- **What you need to do**: In full and word for word, copy the listing; no pictures belong in the copy.
=======
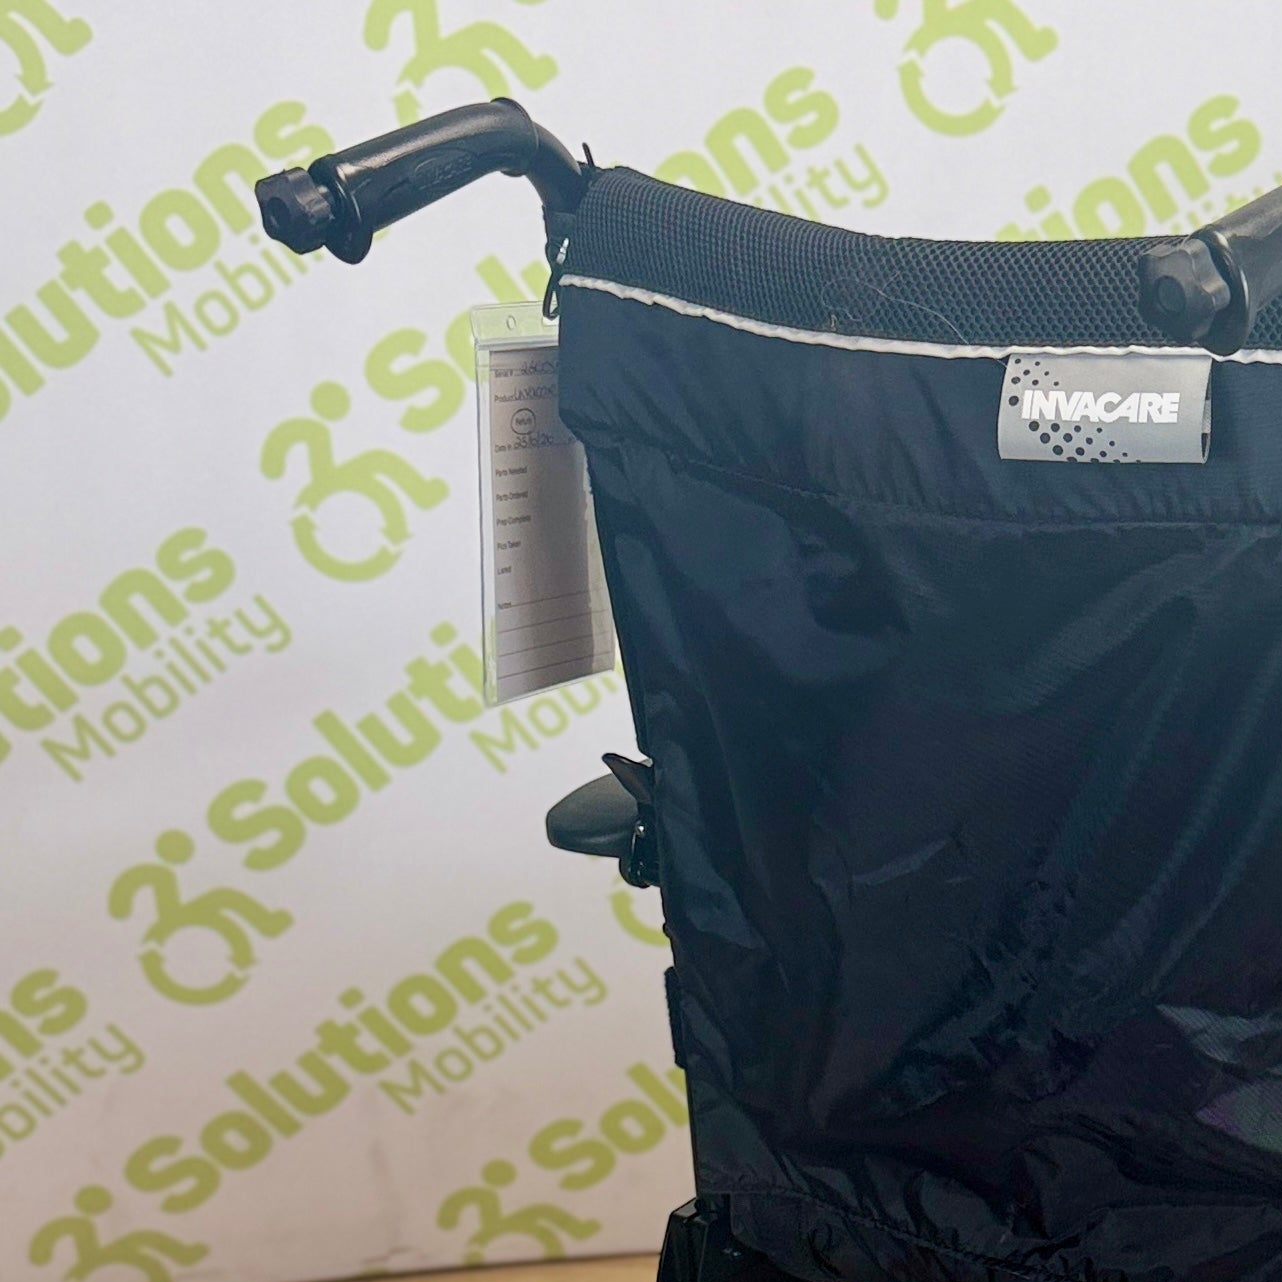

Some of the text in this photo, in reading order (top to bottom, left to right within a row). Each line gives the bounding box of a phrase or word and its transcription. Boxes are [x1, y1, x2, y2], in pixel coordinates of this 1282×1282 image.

[1021, 390, 1181, 424] INVACARE
[0, 527, 236, 764] tions
[40, 594, 292, 783] Mobility
[207, 621, 487, 872] Soluti
[123, 901, 559, 1214] Solutions
[378, 957, 608, 1116] Mobility
=======
- **Solution to the exercise**:
Some of the text in this photo, in reading order (top to bottom, left to right within a row). Each line gives the bounding box of a phrase or word and its transcription. Boxes are [x1, y1, x2, y2], in pixel coordinates of this 1282×1282 image.

[1021, 390, 1181, 424] INVACARE
[0, 527, 236, 764] tions
[40, 594, 292, 783] Mobility
[207, 621, 487, 872] Soluti
[123, 901, 559, 1214] Solutions
[378, 957, 608, 1116] Mobility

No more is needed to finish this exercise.